_ASSIGNMENT_
Produce an exact copy of the lines from the line containing "this 2172×1448 image." through the last line of the entries below, and only those lines.

┄┄┄┄┄┄┄┄┄┄

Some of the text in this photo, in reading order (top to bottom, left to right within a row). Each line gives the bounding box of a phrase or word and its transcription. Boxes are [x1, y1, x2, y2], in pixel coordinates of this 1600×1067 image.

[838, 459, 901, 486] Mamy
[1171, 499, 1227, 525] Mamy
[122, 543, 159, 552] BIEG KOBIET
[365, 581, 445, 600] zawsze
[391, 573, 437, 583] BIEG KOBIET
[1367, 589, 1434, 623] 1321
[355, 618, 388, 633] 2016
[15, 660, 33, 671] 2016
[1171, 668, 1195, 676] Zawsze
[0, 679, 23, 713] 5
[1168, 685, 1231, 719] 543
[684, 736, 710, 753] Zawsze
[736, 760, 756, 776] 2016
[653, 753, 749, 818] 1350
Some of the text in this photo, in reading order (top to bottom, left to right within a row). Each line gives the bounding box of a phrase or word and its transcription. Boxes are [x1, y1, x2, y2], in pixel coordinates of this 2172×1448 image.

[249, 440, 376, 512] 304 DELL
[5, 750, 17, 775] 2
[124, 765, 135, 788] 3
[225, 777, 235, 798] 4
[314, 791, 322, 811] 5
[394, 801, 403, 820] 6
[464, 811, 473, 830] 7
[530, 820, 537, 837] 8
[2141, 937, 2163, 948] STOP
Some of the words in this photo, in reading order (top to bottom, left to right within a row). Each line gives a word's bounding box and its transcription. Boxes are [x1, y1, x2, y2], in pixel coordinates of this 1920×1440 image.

┄┄┄┄┄┄┄┄┄┄

_OUTPUT FOR THIS TASK_
Some of the text in this photo, in reading order (top to bottom, left to right within a row). Each line gives the bounding box of a phrase or word and its transcription. Boxes are [x1, y1, x2, y2], in pixel coordinates of this 2172×1448 image.

[249, 440, 376, 512] 304 DELL
[5, 750, 17, 775] 2
[124, 765, 135, 788] 3
[225, 777, 235, 798] 4
[314, 791, 322, 811] 5
[394, 801, 403, 820] 6
[464, 811, 473, 830] 7
[530, 820, 537, 837] 8
[2141, 937, 2163, 948] STOP
Some of the words in this photo, in reading order (top to bottom, left to right within a row). Each line gives a word's bounding box and its transcription. Boxes are [x1, y1, x2, y2], in pixel coordinates of this 1920×1440 image.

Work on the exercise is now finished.